Presumed democratic presidential nominee Hilary Clinton has used her first public appearance of 2015 to demand progress on gender equality.
At a conference in Silicon Valley, Clinton spoke about the need to break down the remaining glass ceilings for women, especially in the workplace. She said women need to support other women and that industries like IT have to stop allowing themselves to remain stagnant on gender equality.
Her address was direct and powerful, and made it very clear that gender equality could form a central focus of her presidential campaign.
Echoing President Obama’s explanation in his State of the Union address last month that childcare is not a “nice to have”, Clinton said this about gender equality:
“Where women are included, you’re more likely to have democracy; you’re more likely to have stability and prosperity,” she said.
“It’s not just a nice thing to do.”
She also referred to Patricia Arquette’s demand for wage equality in her Oscars acceptance speech earlier this week, saying Arquette “was right”.
“It’s time to have wage equality once and for all,” she said.
She then spoke specifically about the gender problems in Silicon Valley and the tech industry more broadly, saying it is unacceptable that progress is not being made for women.
“You bump your heads on the glass ceilings that persist in the tech industry,” she said.
“We can literally count on one hand the number of women who have actually been able to come here and turn their dreams into billion-dollar businesses. We’re going backward in a field that is supposed to be all about moving forward.”
She then returned to the issue of the importance of women supporting and promoting other women, particularly in industries where promotions for women are few and far between.
“There is a special spot in hell for women who don’t help other women,” she said, quoting former secretary of state Madeleine Albright.
She placed her discussion of gender in the context of a “new economy”, explaining that including women will be key to harnessing this economy.
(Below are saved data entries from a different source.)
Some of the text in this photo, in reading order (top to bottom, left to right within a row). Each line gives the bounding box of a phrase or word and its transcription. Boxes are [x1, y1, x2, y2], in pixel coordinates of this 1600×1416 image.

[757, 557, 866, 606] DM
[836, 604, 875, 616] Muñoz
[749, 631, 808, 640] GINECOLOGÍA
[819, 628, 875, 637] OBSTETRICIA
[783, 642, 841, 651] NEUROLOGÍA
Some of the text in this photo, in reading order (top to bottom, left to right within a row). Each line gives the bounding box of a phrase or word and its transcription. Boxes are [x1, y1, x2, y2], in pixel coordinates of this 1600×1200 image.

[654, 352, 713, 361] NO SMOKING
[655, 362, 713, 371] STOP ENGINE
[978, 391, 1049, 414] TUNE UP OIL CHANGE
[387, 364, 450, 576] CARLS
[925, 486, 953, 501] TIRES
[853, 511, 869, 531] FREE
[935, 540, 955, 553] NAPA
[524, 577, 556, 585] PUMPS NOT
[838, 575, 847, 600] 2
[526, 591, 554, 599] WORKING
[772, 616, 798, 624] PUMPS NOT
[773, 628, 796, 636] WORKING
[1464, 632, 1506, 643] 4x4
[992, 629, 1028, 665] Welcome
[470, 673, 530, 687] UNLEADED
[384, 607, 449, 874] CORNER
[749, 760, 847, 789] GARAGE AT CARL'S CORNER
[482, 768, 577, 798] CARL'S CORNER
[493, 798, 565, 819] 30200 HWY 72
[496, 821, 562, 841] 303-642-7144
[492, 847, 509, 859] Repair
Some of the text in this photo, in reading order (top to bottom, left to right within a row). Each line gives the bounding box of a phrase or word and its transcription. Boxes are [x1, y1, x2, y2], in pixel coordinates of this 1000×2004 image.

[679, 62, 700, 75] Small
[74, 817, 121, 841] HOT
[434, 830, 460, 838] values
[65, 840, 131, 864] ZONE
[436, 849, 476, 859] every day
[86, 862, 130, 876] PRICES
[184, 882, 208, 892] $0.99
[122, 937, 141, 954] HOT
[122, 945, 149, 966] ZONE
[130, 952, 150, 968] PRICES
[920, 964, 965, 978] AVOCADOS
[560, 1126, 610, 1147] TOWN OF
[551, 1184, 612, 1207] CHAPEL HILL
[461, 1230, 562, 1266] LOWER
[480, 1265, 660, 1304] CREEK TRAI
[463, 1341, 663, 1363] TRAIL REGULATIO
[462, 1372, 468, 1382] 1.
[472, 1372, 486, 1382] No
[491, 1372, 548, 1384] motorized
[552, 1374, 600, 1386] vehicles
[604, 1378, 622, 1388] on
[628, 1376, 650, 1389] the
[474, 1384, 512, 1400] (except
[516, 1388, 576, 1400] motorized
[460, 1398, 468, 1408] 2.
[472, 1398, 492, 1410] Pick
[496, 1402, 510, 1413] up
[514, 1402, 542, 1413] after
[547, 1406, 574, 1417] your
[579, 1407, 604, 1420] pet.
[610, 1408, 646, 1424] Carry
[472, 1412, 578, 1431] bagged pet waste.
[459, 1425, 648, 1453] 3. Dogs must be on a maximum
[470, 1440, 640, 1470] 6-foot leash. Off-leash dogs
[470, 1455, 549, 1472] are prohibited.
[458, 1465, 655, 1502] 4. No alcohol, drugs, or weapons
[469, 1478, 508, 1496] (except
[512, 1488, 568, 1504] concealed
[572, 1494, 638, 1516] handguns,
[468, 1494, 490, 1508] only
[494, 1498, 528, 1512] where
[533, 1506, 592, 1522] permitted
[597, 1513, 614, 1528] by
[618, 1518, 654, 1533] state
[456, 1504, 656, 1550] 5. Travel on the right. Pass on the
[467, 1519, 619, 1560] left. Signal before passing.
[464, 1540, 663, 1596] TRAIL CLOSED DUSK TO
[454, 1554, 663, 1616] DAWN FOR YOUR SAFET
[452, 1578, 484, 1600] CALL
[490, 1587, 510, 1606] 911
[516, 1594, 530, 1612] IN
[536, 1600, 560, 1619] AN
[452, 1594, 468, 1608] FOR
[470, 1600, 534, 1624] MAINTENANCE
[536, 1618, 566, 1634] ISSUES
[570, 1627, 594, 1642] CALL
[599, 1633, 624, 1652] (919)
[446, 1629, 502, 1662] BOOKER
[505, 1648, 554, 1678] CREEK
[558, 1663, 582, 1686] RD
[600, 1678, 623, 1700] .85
“We have to restore economic growth with rising wages for the vast majority of Americans, and we have to restore trust and cooperation within our political system so that we can act like the great country we are,” she said.
“Wages no longer rise with productivity, while CEOs’ pay keeps going up. We have to figure out how to make this new economy work for everyone.”
While Clinton did not directly answer questions about whether she will run in the democratic primaries for the 2016 election, her address seemed to be framing a possible campaign structure. If that campaign is based around growing the economy by lifting female workforce participation, that is truly exciting.